EXERCISE AIM ::
Only the text of the entries below should appear in your exact transcription; leave out every picture.

Annotated photo localization data ::
────────
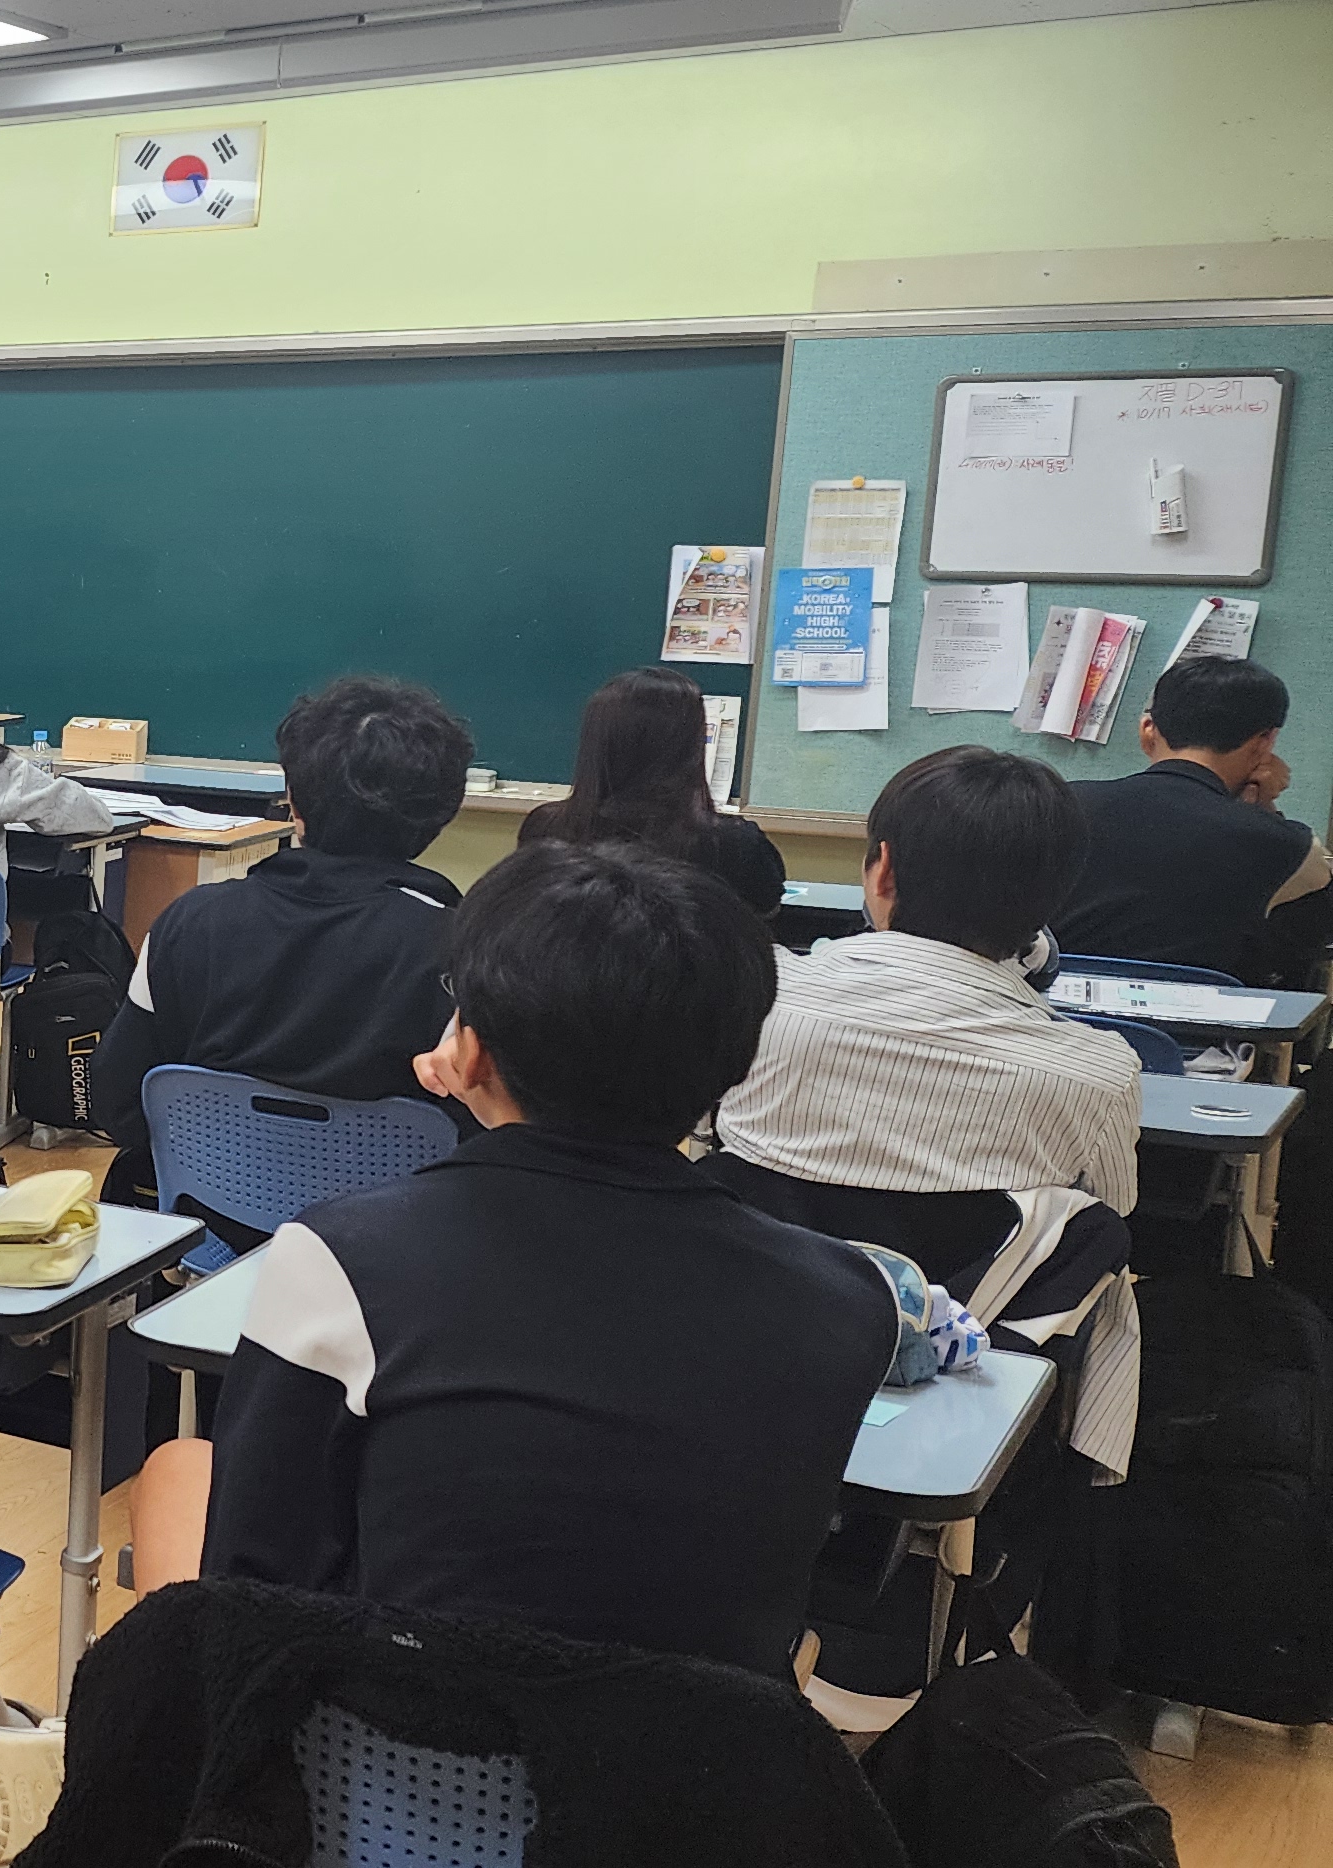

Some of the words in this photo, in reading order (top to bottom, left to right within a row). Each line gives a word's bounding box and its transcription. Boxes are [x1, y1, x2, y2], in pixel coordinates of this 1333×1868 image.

[1138, 381, 1176, 403] 지필
[1186, 379, 1243, 402] D-37
[1137, 406, 1171, 419] 10/17
[802, 593, 846, 604] KOREA
[793, 605, 854, 615] MOBILITY
[807, 616, 839, 626] HIGH
[795, 627, 849, 638] SCHOOL
[70, 1056, 89, 1121] GEOGRAPHIC
────────
TASK RESPONSE ::
Some of the words in this photo, in reading order (top to bottom, left to right within a row). Each line gives a word's bounding box and its transcription. Boxes are [x1, y1, x2, y2], in pixel coordinates of this 1333×1868 image.

[1138, 381, 1176, 403] 지필
[1186, 379, 1243, 402] D-37
[1137, 406, 1171, 419] 10/17
[802, 593, 846, 604] KOREA
[793, 605, 854, 615] MOBILITY
[807, 616, 839, 626] HIGH
[795, 627, 849, 638] SCHOOL
[70, 1056, 89, 1121] GEOGRAPHIC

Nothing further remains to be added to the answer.